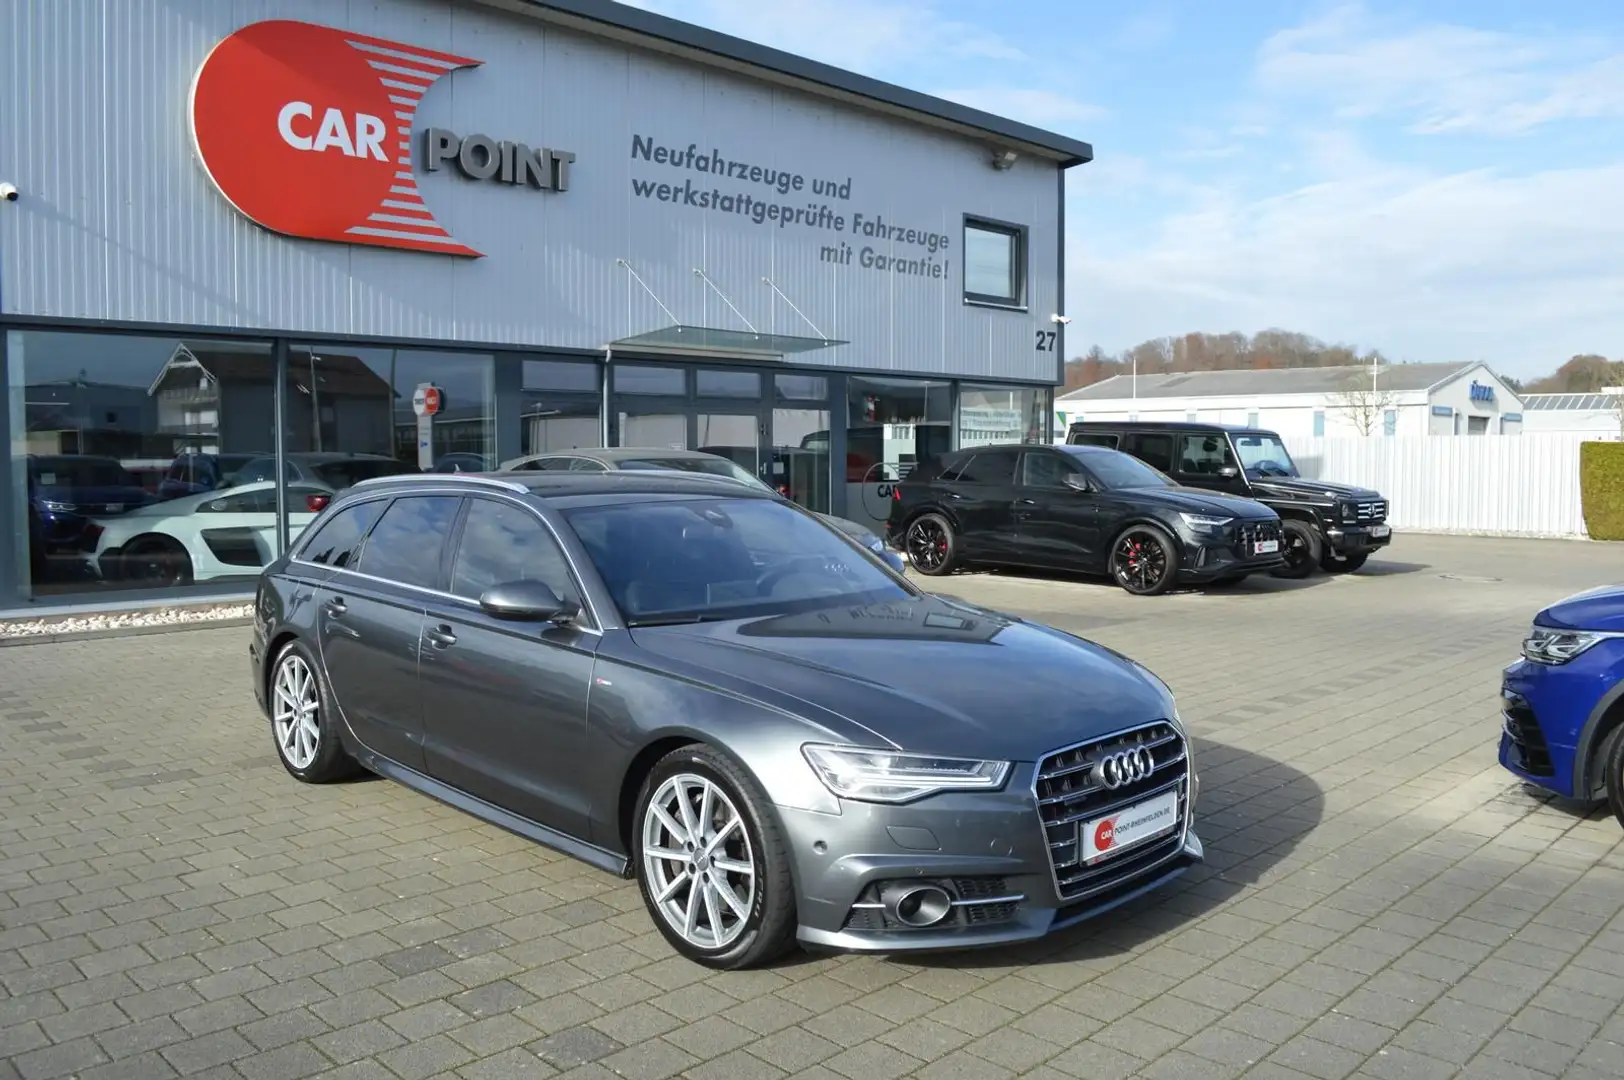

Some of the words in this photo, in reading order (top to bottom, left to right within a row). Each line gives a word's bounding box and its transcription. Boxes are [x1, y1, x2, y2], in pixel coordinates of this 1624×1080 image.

[277, 101, 389, 162] CAR
[425, 127, 576, 192] POINT
[631, 134, 804, 195] Neufahrzeuge
[812, 177, 851, 200] und
[632, 177, 845, 232] werkstattgeprüfte
[852, 213, 949, 252] Fahrzeuge
[820, 242, 852, 265] mit
[860, 248, 949, 280] Garantie!
[1036, 330, 1056, 351] 27
[1101, 828, 1113, 840] CAR
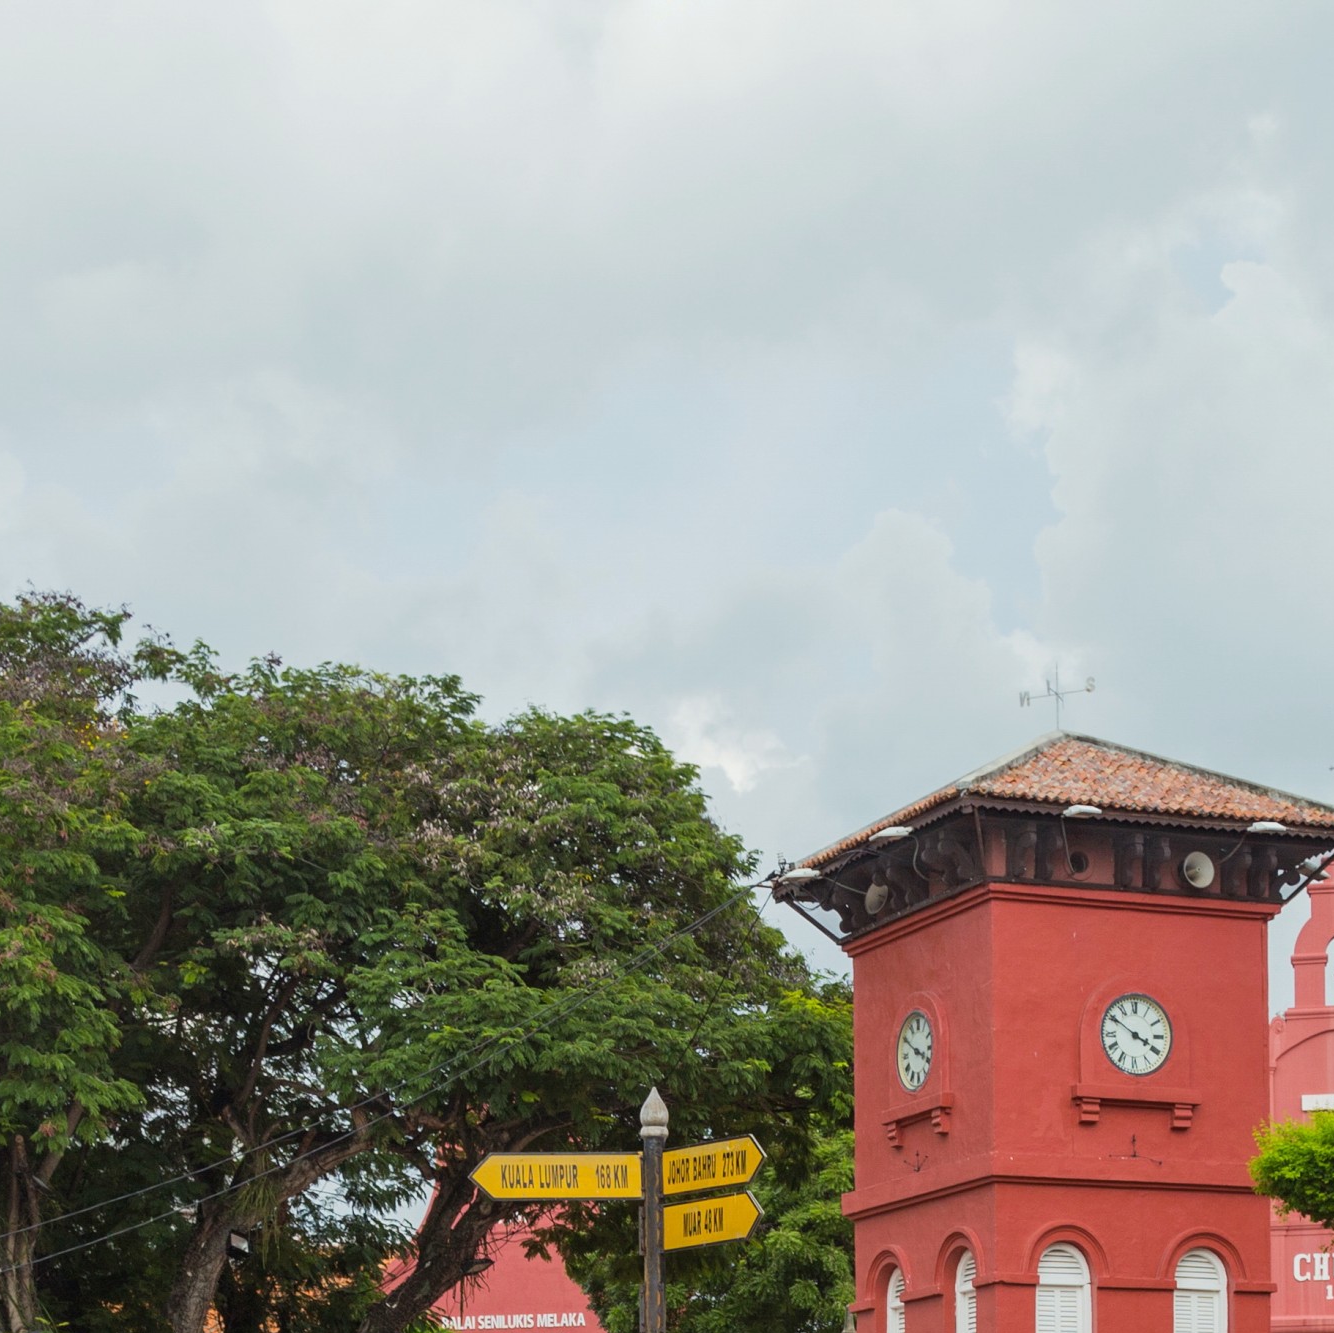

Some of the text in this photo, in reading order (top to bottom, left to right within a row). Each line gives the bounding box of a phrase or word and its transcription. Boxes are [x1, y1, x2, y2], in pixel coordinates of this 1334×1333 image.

Assignment | Reproduce every record above word for word. Leave the pictures out.

Output for this task |
Some of the words in this photo, in reading order (top to bottom, left to right within a row). Each line gives a word's bounding box and its transcription. Boxes are [x1, y1, x2, y2], in pixel coordinates of this 1624×1080 image.

[277, 101, 389, 162] CAR
[425, 127, 576, 192] POINT
[631, 134, 804, 195] Neufahrzeuge
[812, 177, 851, 200] und
[632, 177, 845, 232] werkstattgeprüfte
[852, 213, 949, 252] Fahrzeuge
[820, 242, 852, 265] mit
[860, 248, 949, 280] Garantie!
[1036, 330, 1056, 351] 27
[1101, 828, 1113, 840] CAR

Some of the text in this photo, in reading order (top to bottom, left to right within a row). Each line gives the bounding box of a phrase or word and its transcription. Boxes are [x1, y1, x2, y2], in pixel coordinates of this 1334×1333 image.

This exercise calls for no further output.